New NCAA recommendations, effective Aug. 1, further try to bolster the medical supervision of the strength and conditioning staff who design workouts to improve athletic performance. Strength and conditioning coaches, who typically get paid substantially more than athletic trainers, are often considered part of the coaching staff with direct lines to the head coaches. Although the NCAA requires they take part in a certification program, they are less regulated than athletic trainers who, in most states, must be licensed as medical professionals.
The new recommendations state that strength coaches should report to sports medicine or sports performance supervisors, and not head coaches — a move that is designed to align them more closely with athletic trainers. Questions about strength coaches have been a factor in some of the recent incidents involving college athletes who have died or been hospitalized after a workout, and they’ve resulted in strength coaches being fired or suspended.
In the spring, Outside the Lines surveyed the 65 schools in the Power 5 conferences about their strength and conditioning staffs; of the 57 that responded, almost all of them had strength and conditioning staff within the athletic department, and about 20% referenced some reporting line to a head coach. Just a few noted that medical staff did have some role in the supervision of strength and conditioning staff.
In May, Kansas became the one clear exception, announcing that it would take the NCAA’s rules a step further and completely remove its strength and conditioning staff from athletic department supervision and make them report — along with the athletic trainers — up through the University of Kansas Health System. They are supervised by primary care physician Dr. Larry Magee and orthopedic surgeon Dr. Jeffrey Randall, who work daily onsite in the athletic facilities. Dr. Randall said the change in structure stemmed from the university’s chancellor, Dr.

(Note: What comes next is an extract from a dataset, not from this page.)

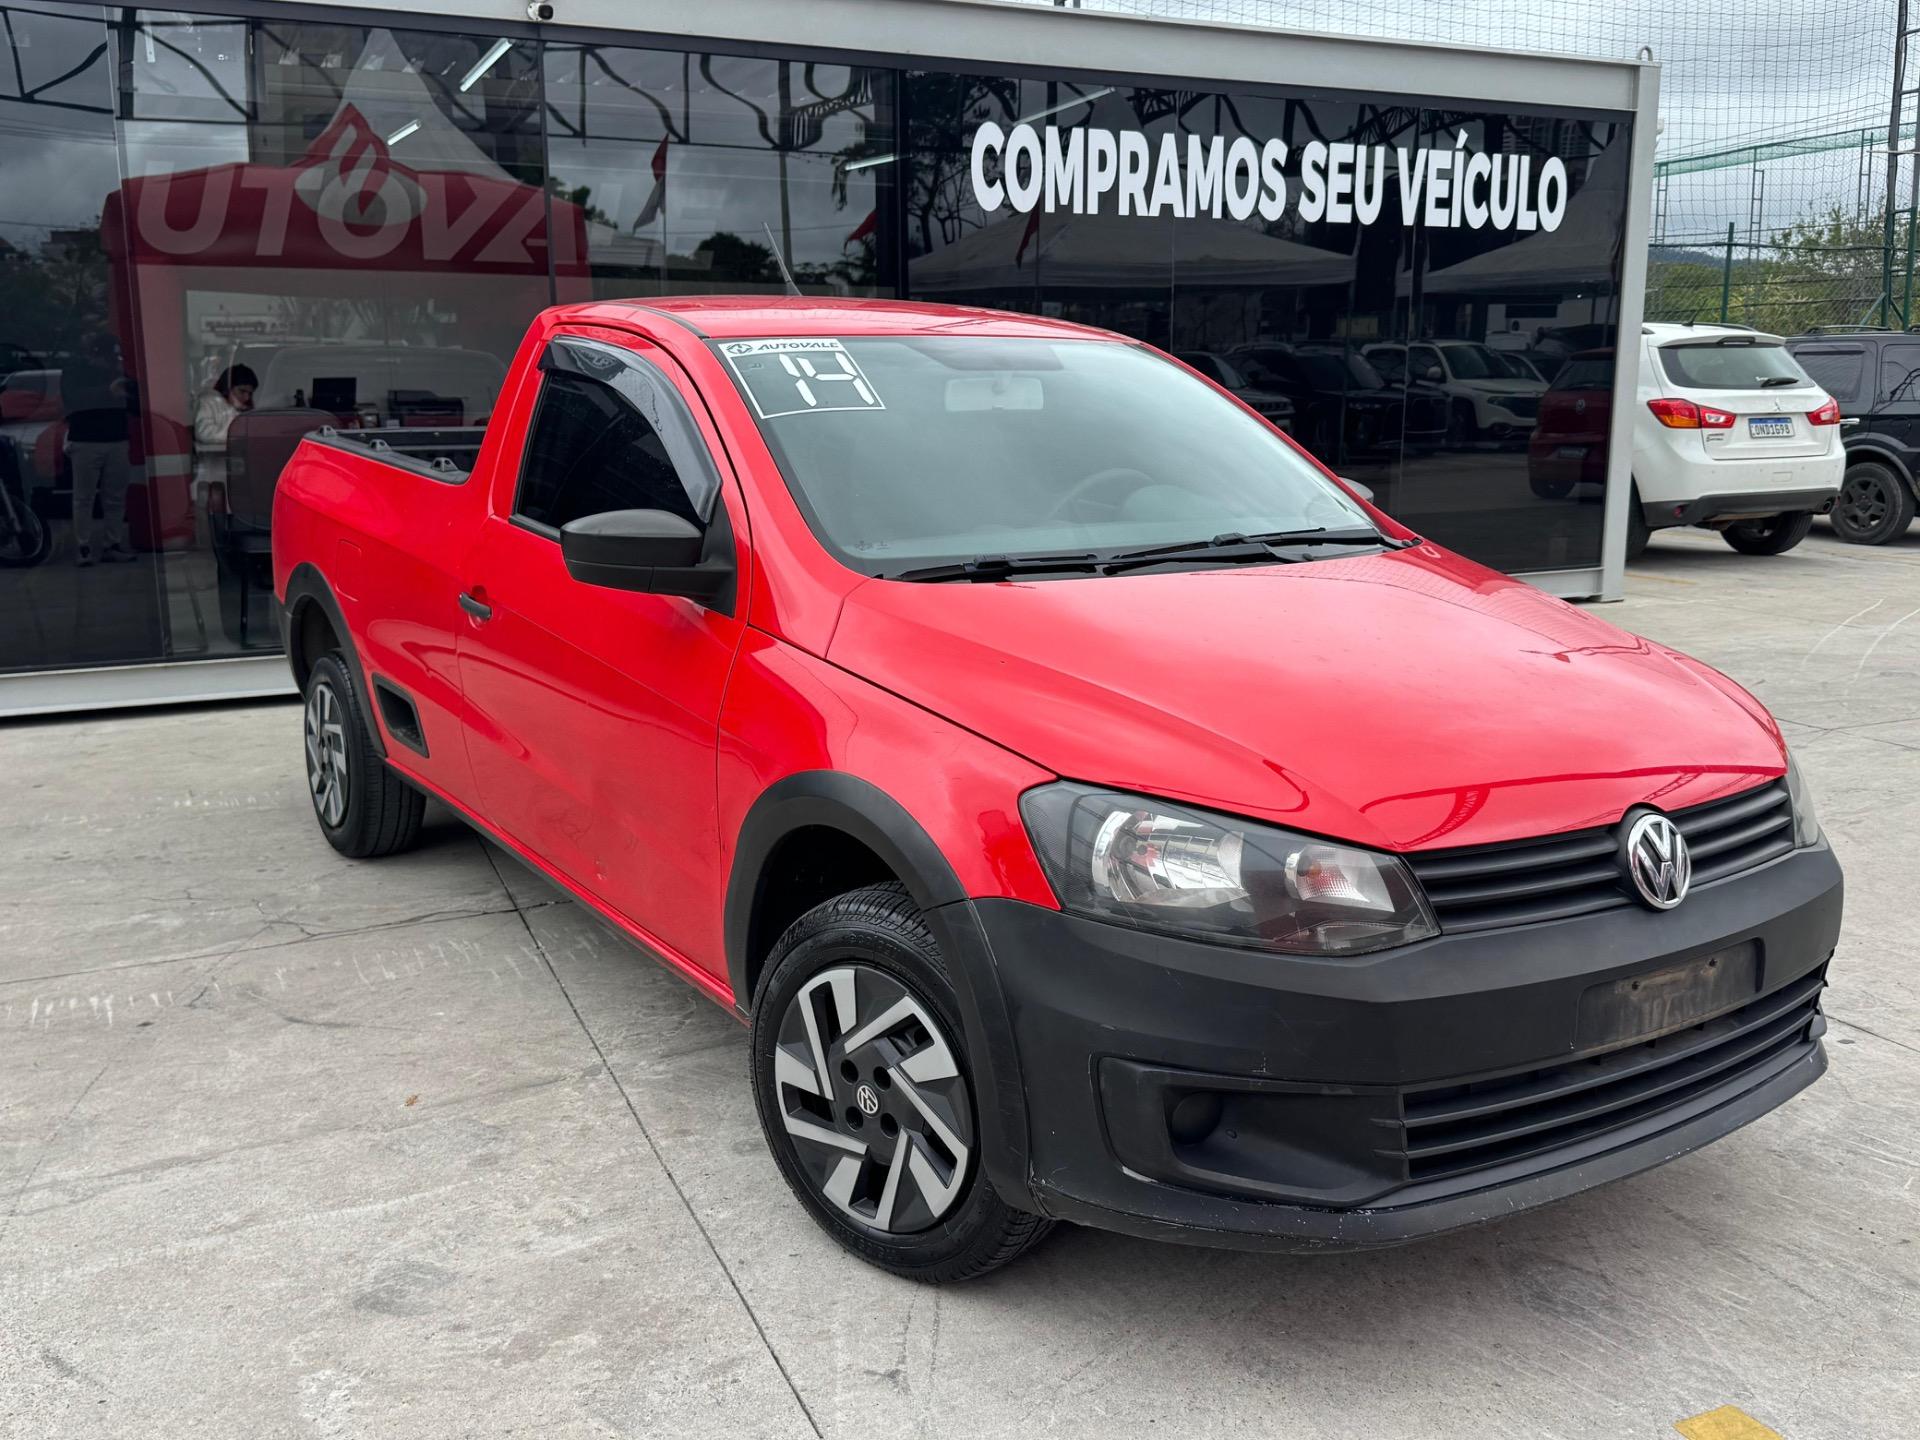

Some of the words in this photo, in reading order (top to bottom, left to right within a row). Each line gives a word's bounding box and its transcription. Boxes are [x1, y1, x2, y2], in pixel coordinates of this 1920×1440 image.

Douglas Girod, a practicing head-and-neck surgeon.
“[Girod] wants physicians in charge, and just to make the whole process go better,” Dr. Randall said. “If the coaches and the athletes and athletic trainers trust what you’re doing, then the whole process goes better when it stays focused on the athlete, and for that trust to happen, you have to be here.”
Even for a sports medicine staff, it’s a unique move. According to the NATA survey, about 80% of respondents noted that athletic trainers were employed by the athletic department, although they could have reporting lines through other entities, such as a medical school, private health care group or student health center. In the Outside the Lines survey of the Power 5 schools, fewer than 10% indicated a primary reporting line mostly outside of athletics, although several responded that medical decisions were overseen by a team physician, who was often jointly or solely employed by a medical entity outside athletics.
Grant, the NATA collegiate committee leader, is the director of sports medicine at Kansas. He said the school had been providing medically supervised care to its athletes, and the change was not in reaction to any problem or incident at KU, but that the school wanted to set an example.
“We know that we have the physician backing, and the medical backing of any of the decisions that we make. They support the decisions. The decisions to return to play are coming from our physicians as well, and the support is there,” he said. “For my job, me personally, and even my staff, it gives us a little more ease.”